2021-03-31 Thread Jason Moore
Patricio,

Here's our starting point for new contributors:
https://github.com/sympy/sympy/wiki/introduction-to-contributing

It sounds like you have in-depth knowledge so I'm sure you'll find nice
holes you can fill and grow.

Jason
moorepants.info
+01 530-601-9791


On Wed, Mar 31, 2021 at 3:42 PM JOSÉ PATRICIO SÁNCHEZ HERNÁNDEZ <
e.jpsanch...@go.ugr.es> wrote:

> I'm Patricio. I want to participate with the main goal of Sympy. So I want
> to collaborate to the implementation Computation of Galois groups for a
> given polynomial or I can collaborate with something else closed to my
> background. Then I'm here  looking for ideas.
>
> I have a PhD in Mathematics, specialized in modern algebra, ring theory,
> lattice theory and finite fields, a Bachelor’s degree in Applied
> Mathematics, and a Master’s degree in Science. Now I’m finishing a Master
> in Data Science. Before that, I was working as a postdoctoral researcher
> for two years in the Department of Algebra at the University of Granada.
> The project of the postdoctoral research was building Algebraic
> Error-Correcting Codes. I implemented in Python the codes and the
> algorithms that we builded. During this period I collaborated in writing 3
> papers, in relevant journals, as Mathematische Zeitschrift, which published
> our paper Biseparable extensions are not necessarily Frobenius, where we
> answered a 20-Year open algebra’s problem.
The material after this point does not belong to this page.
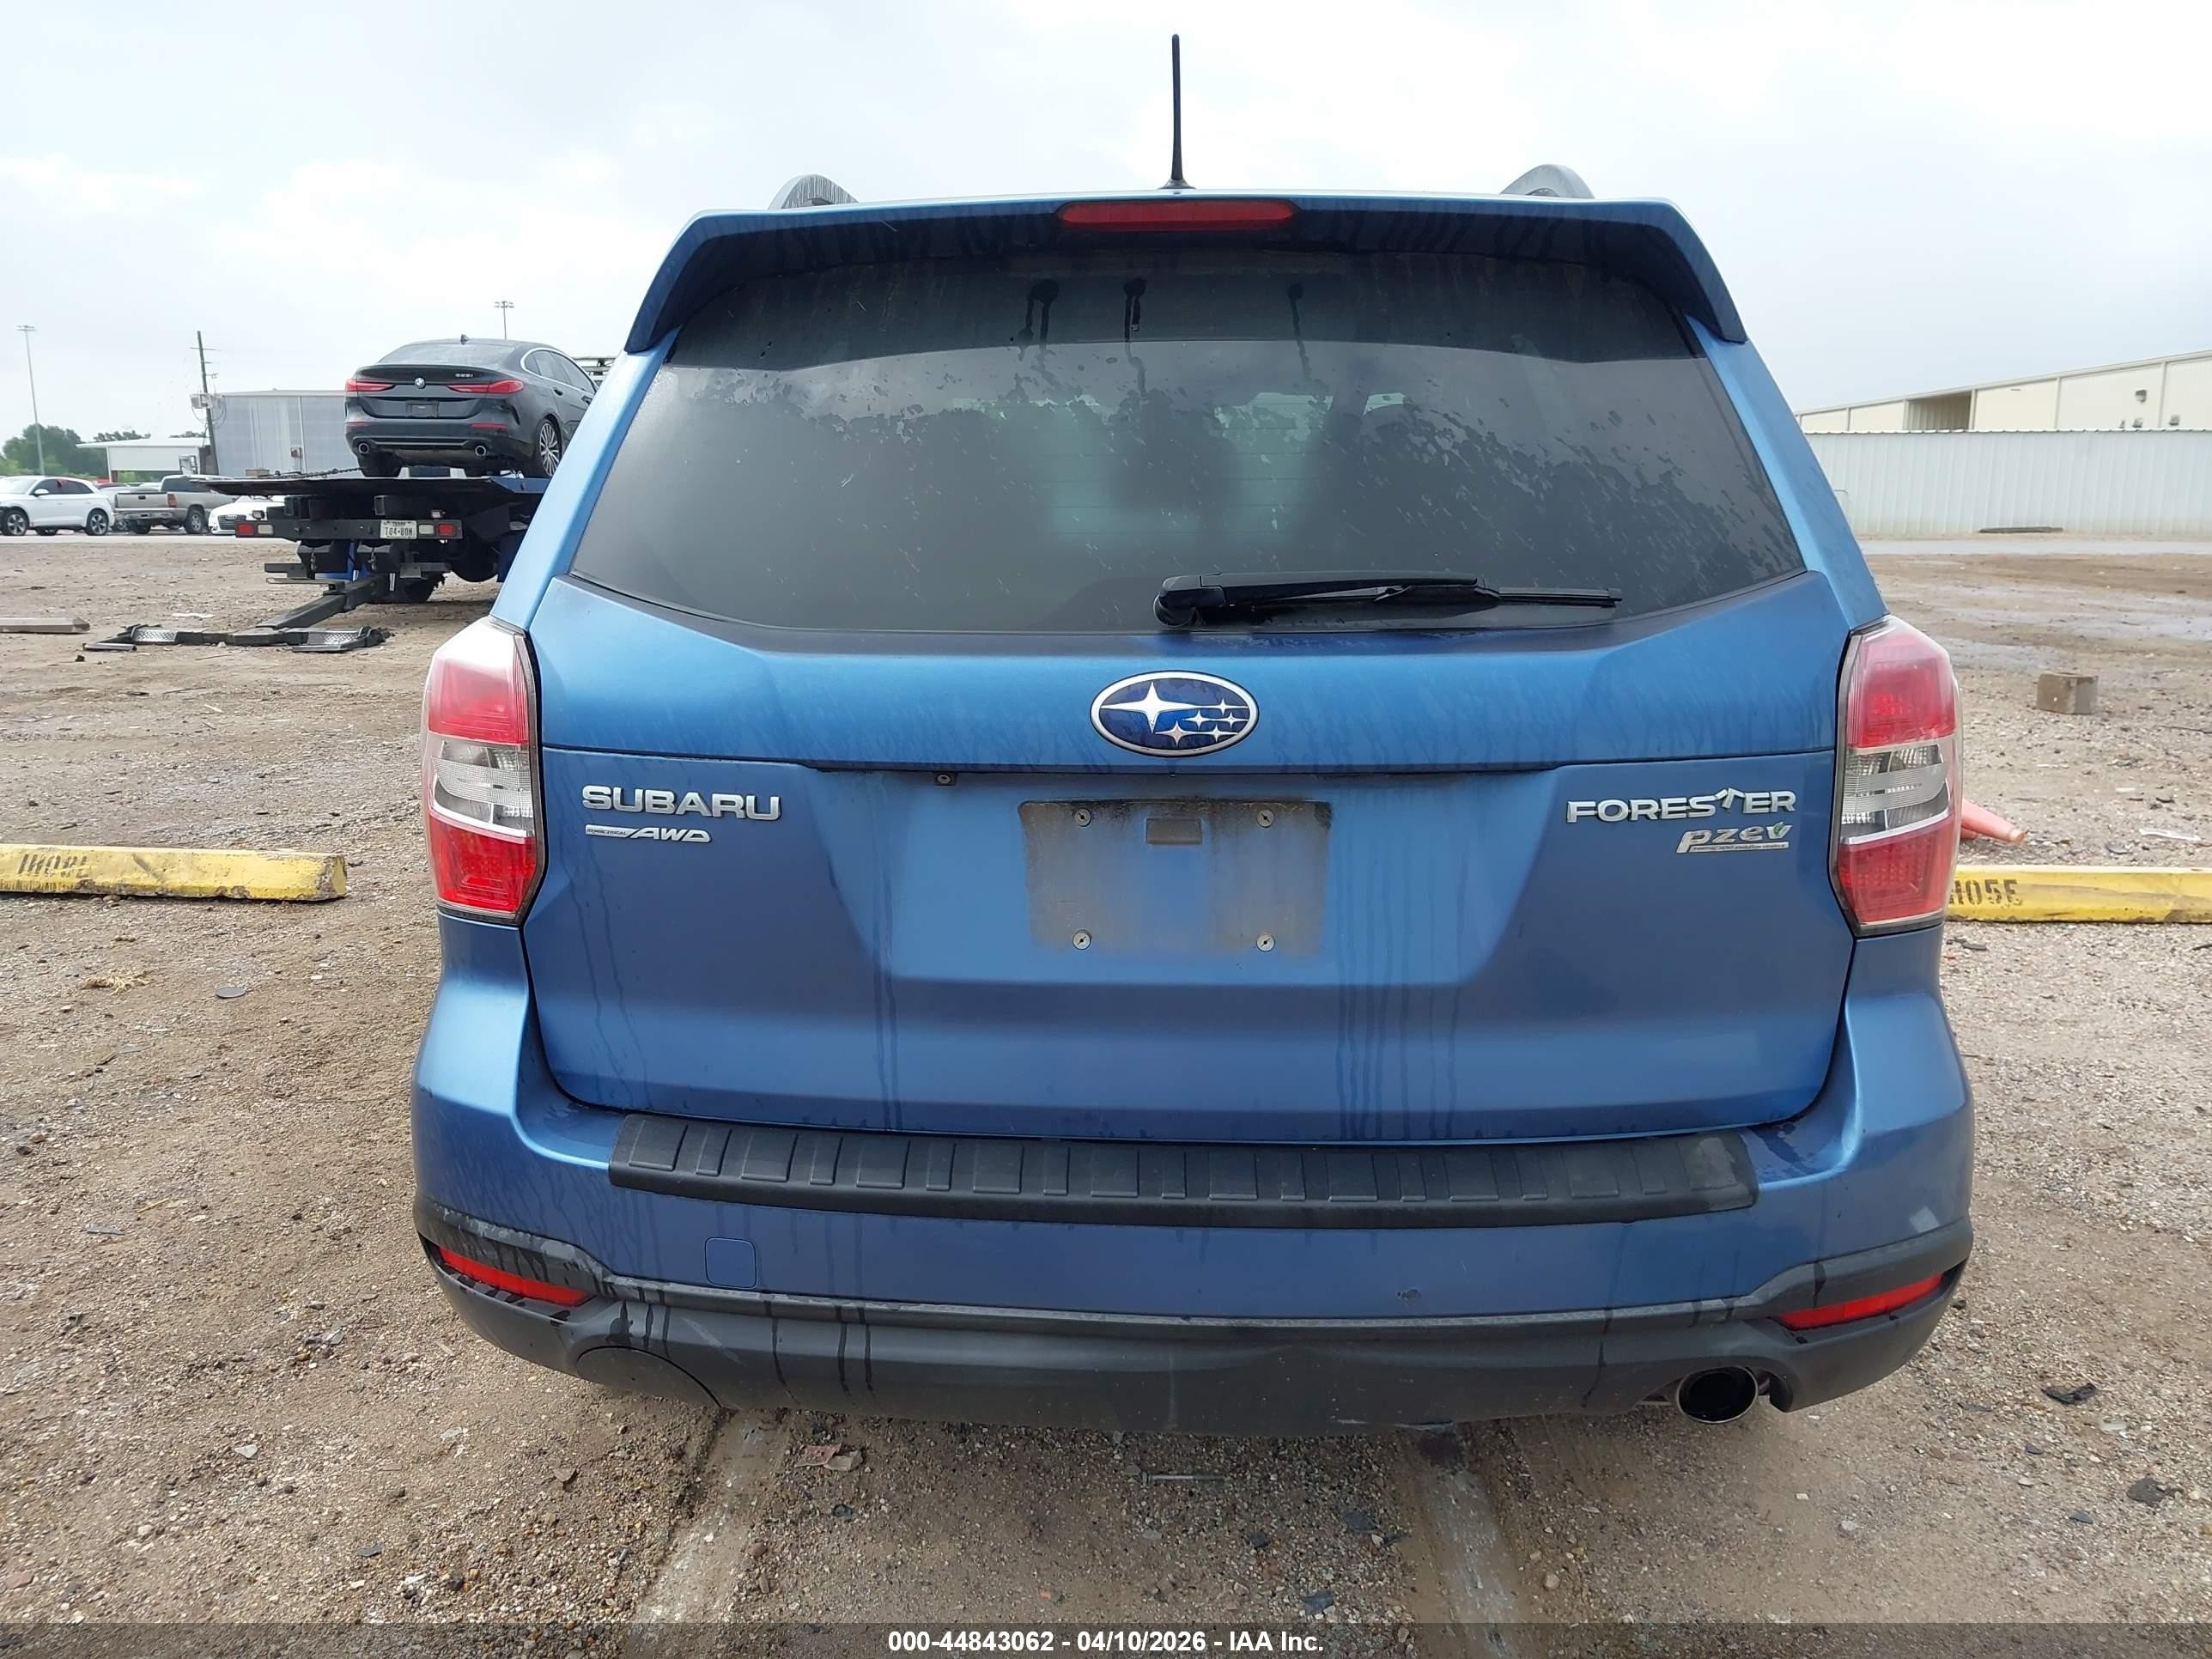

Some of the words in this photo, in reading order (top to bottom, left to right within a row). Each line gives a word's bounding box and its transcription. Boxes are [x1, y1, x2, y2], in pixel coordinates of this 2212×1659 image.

[582, 785, 781, 821] SUBARU
[1566, 787, 1796, 823] FORESTER
[630, 826, 712, 842] AWD
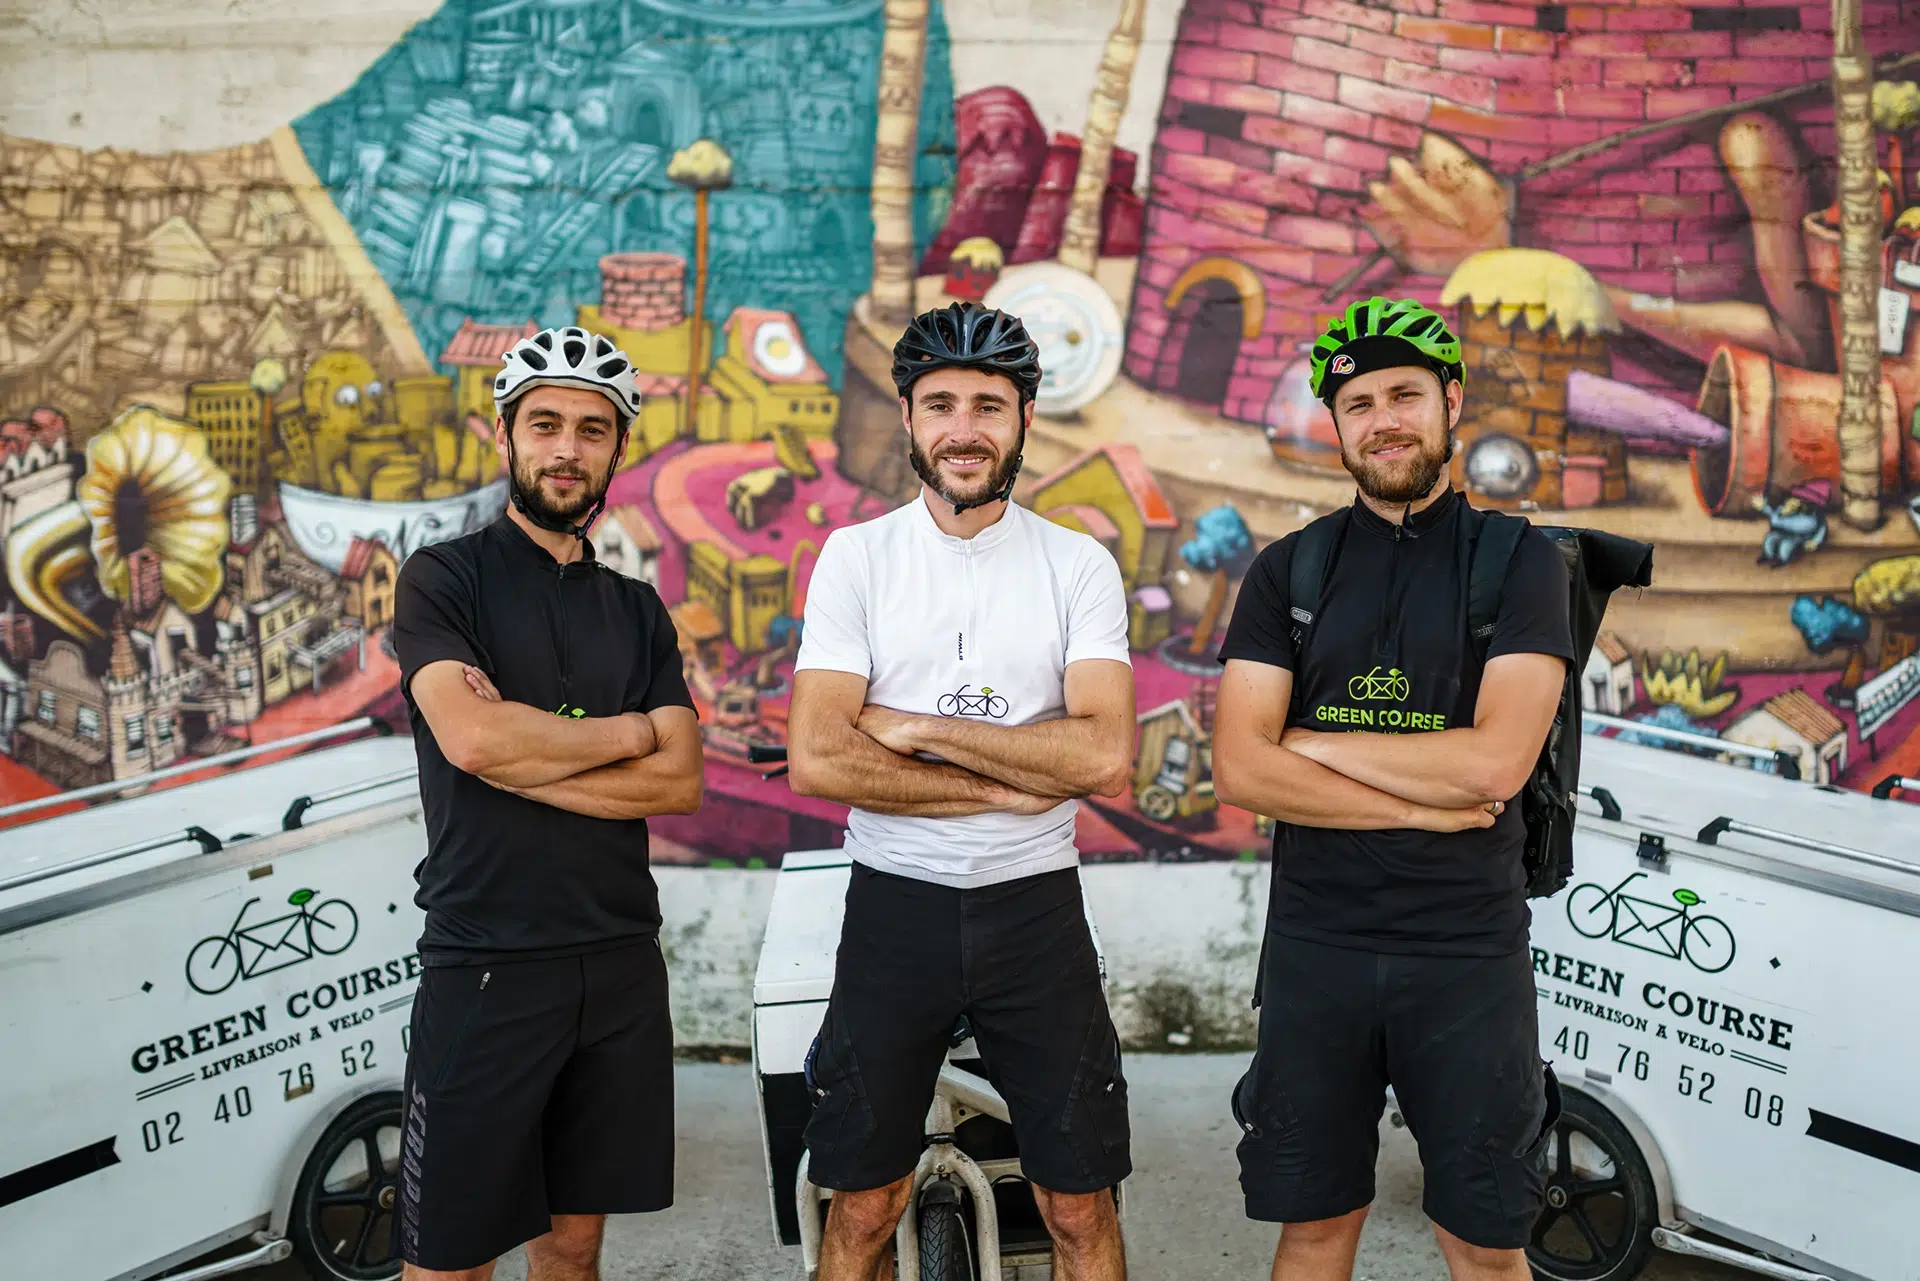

And most important, I wrote a
> paper on my own, On natural sets on an idiom, which is a hard and relevant
> task in pure maths, published in Communications in Algebra.
> I have been working with python for about 2 years.
> I have used  SymPy before but I'm more familiar with sagemath.
>
> Thanks in advance,
>
> Patricio
>
> --
> You received this message because you are subscribed to the Google Groups
> "sympy" group.
> To unsubscribe from this group and stop receiving emails from it, send an
> email to sympy+unsubscr...@googlegroups.com.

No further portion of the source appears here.